▶ TASK TO CARRY OUT
If you see a picture in the data below, omit it and copy the rest exactly.

▶ AVAILABLE DATA
——————————

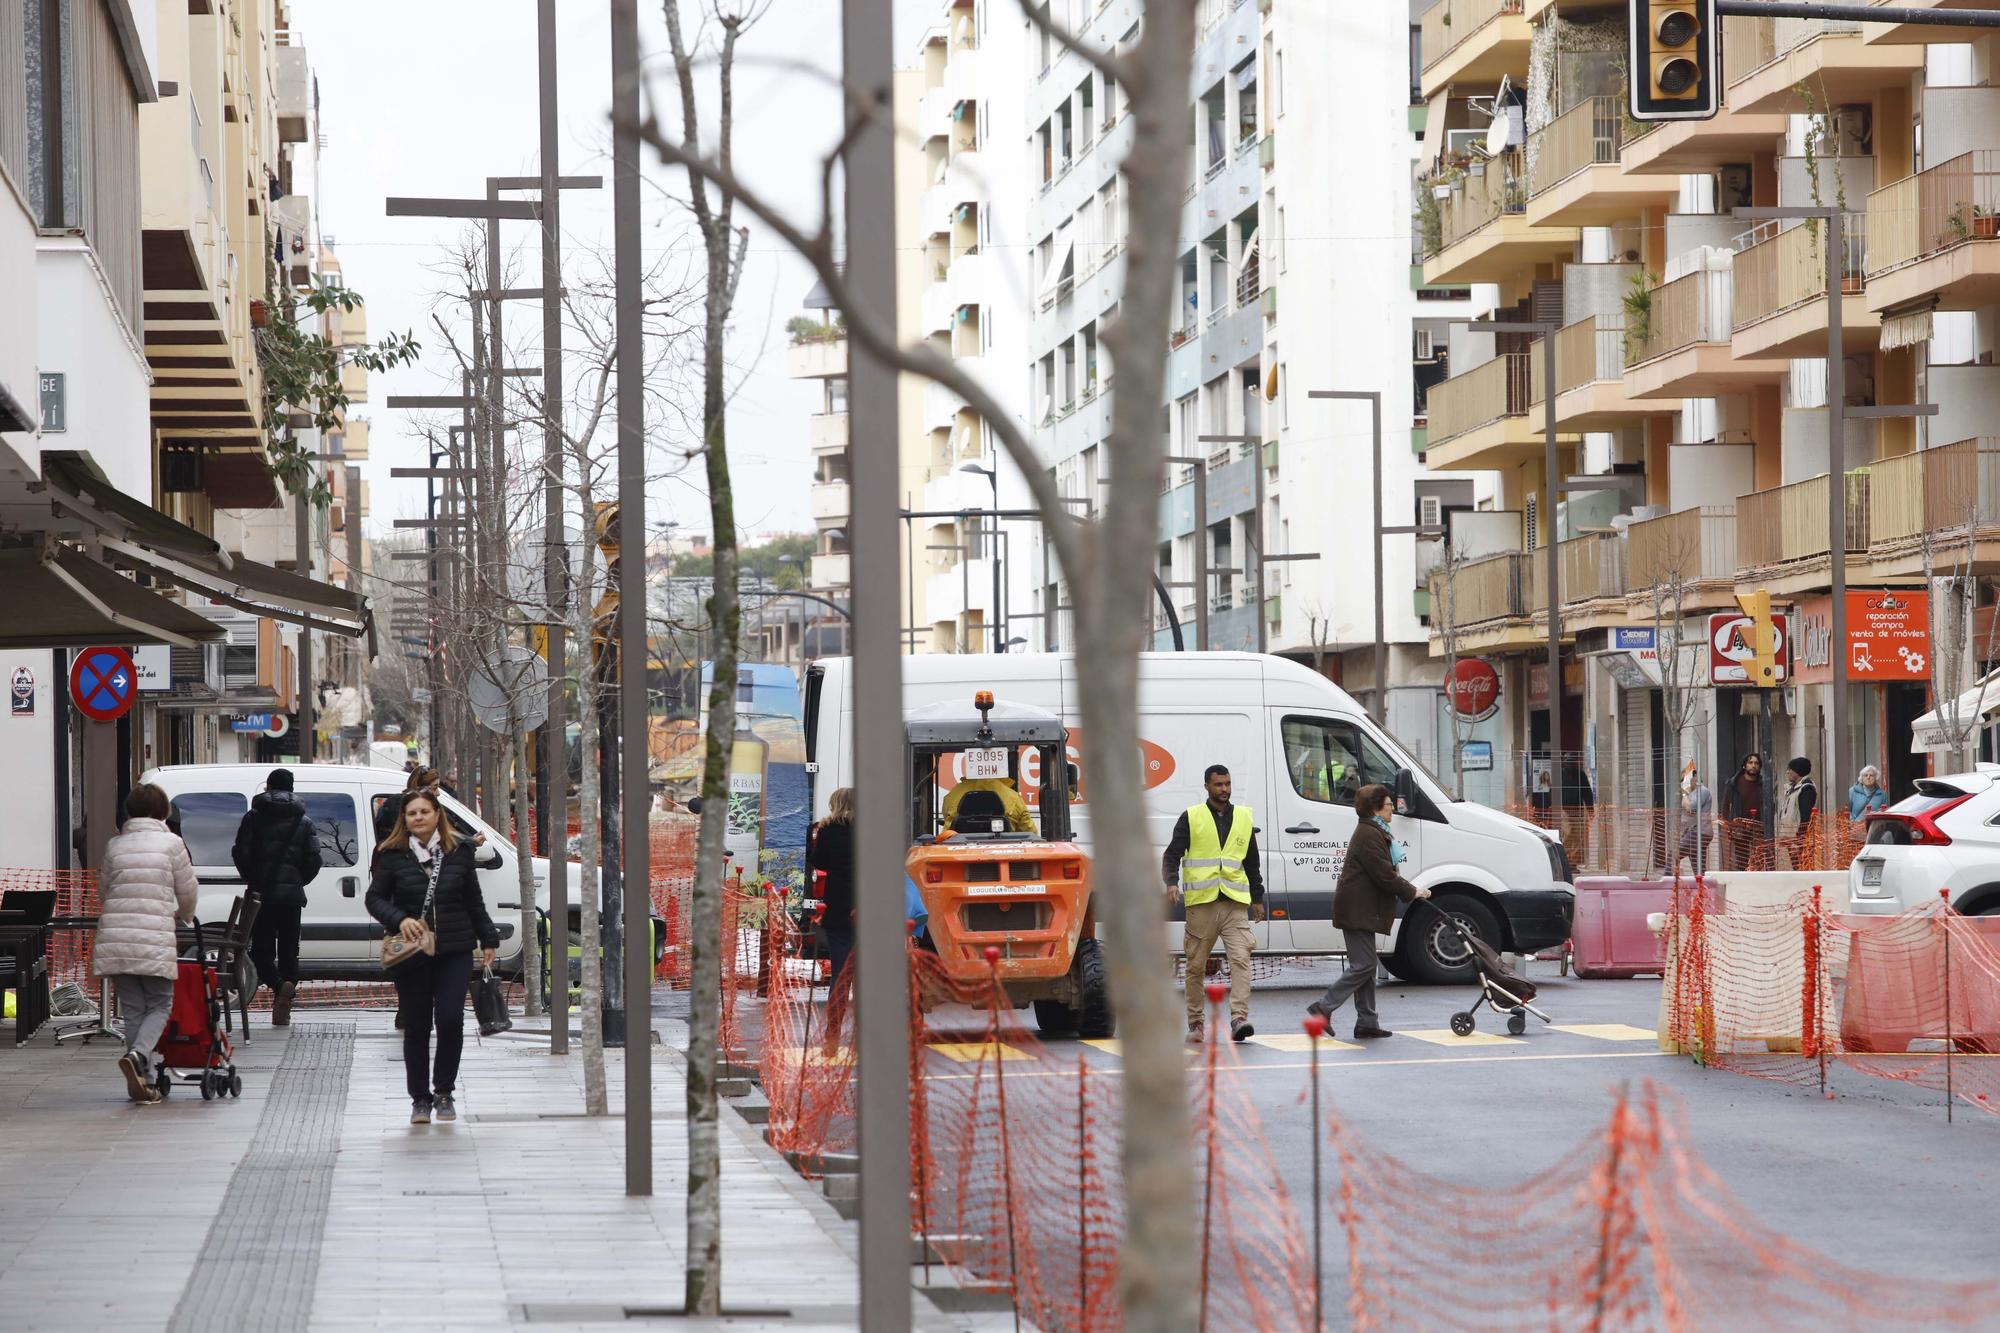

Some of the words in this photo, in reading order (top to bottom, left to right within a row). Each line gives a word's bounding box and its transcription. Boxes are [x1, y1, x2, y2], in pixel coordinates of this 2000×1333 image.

[1866, 612, 1909, 621] reparación
[1871, 622, 1904, 630] compra
[1850, 630, 1874, 638] venta
[1878, 630, 1888, 638] de
[1893, 630, 1925, 638] móviles
[977, 765, 999, 776] BHM
[1294, 841, 1341, 849] COMERCIAL
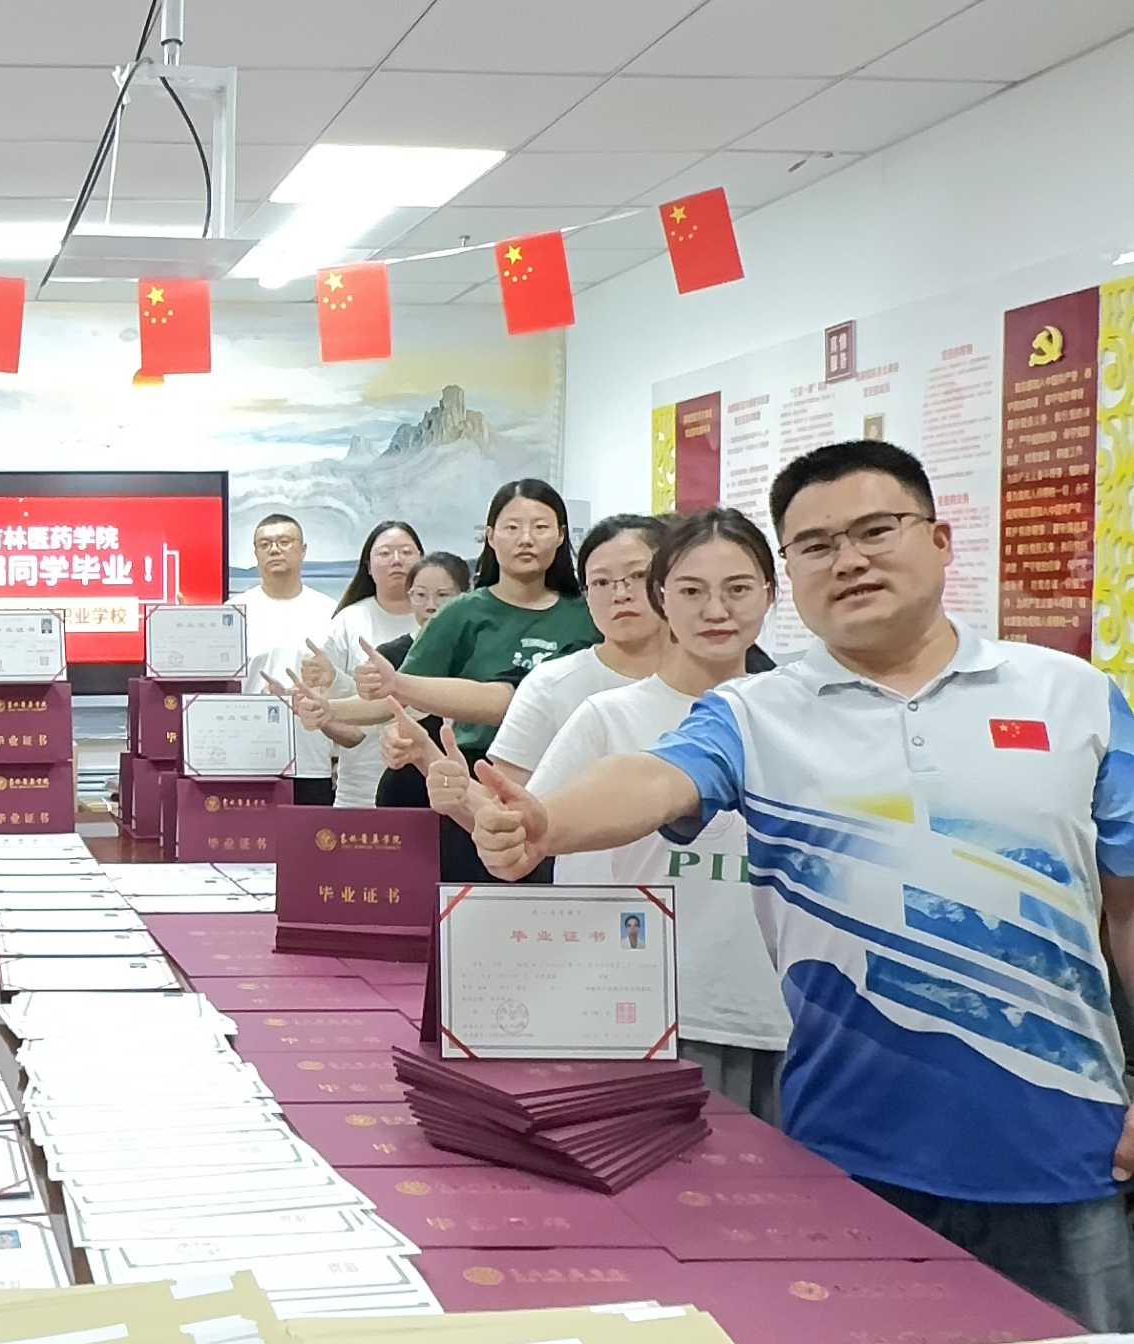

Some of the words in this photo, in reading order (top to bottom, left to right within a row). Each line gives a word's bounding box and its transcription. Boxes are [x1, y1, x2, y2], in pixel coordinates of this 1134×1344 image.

[318, 885, 401, 904] 毕业证书
[510, 929, 607, 943] 毕业证书
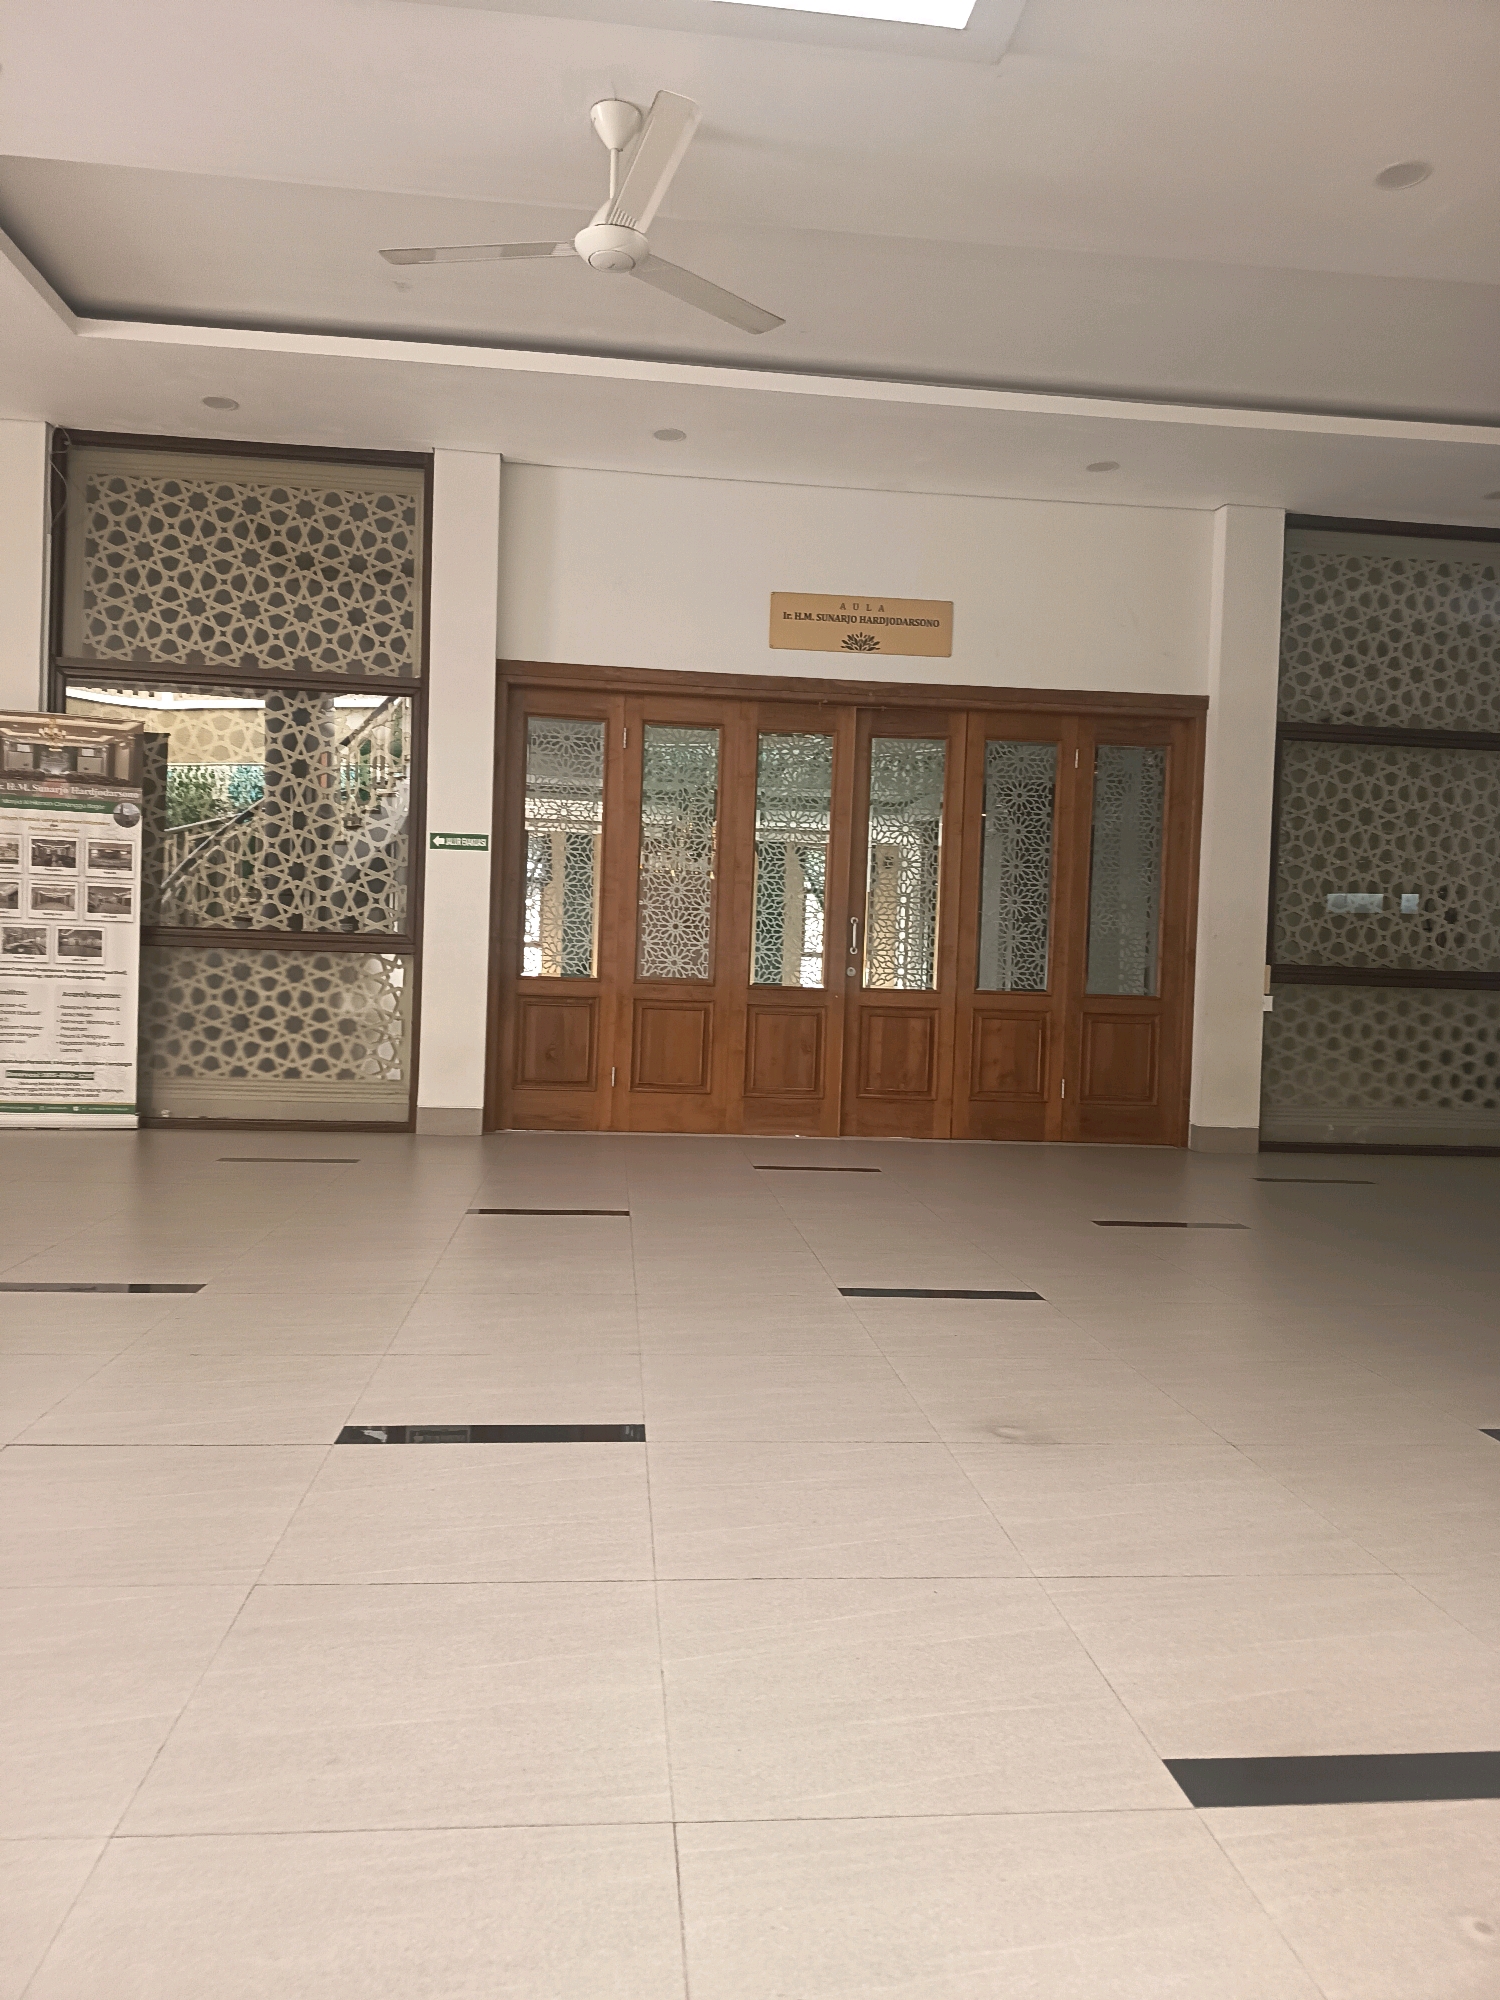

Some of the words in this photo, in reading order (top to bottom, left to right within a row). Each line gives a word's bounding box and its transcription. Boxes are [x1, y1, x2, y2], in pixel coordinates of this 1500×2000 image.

[839, 602, 885, 612] AULA
[782, 611, 793, 620] Ir.
[794, 612, 815, 621] H.M.
[816, 613, 858, 624] SUNARJO
[858, 615, 940, 628] HARDJODARSONO

——————————

▶ SOLVED EXERCISE
Some of the words in this photo, in reading order (top to bottom, left to right within a row). Each line gives a word's bounding box and its transcription. Boxes are [x1, y1, x2, y2], in pixel coordinates of this 2000×1333 image.

[1866, 612, 1909, 621] reparación
[1871, 622, 1904, 630] compra
[1850, 630, 1874, 638] venta
[1878, 630, 1888, 638] de
[1893, 630, 1925, 638] móviles
[977, 765, 999, 776] BHM
[1294, 841, 1341, 849] COMERCIAL

Some of the words in this photo, in reading order (top to bottom, left to right within a row). Each line gives a word's bounding box and its transcription. Boxes are [x1, y1, x2, y2], in pixel coordinates of this 1134×1344 image.

[318, 885, 401, 904] 毕业证书
[510, 929, 607, 943] 毕业证书

Some of the words in this photo, in reading order (top to bottom, left to right within a row). Each line gives a word's bounding box and its transcription. Boxes are [x1, y1, x2, y2], in pixel coordinates of this 1500×2000 image.

[839, 602, 885, 612] AULA
[782, 611, 793, 620] Ir.
[794, 612, 815, 621] H.M.
[816, 613, 858, 624] SUNARJO
[858, 615, 940, 628] HARDJODARSONO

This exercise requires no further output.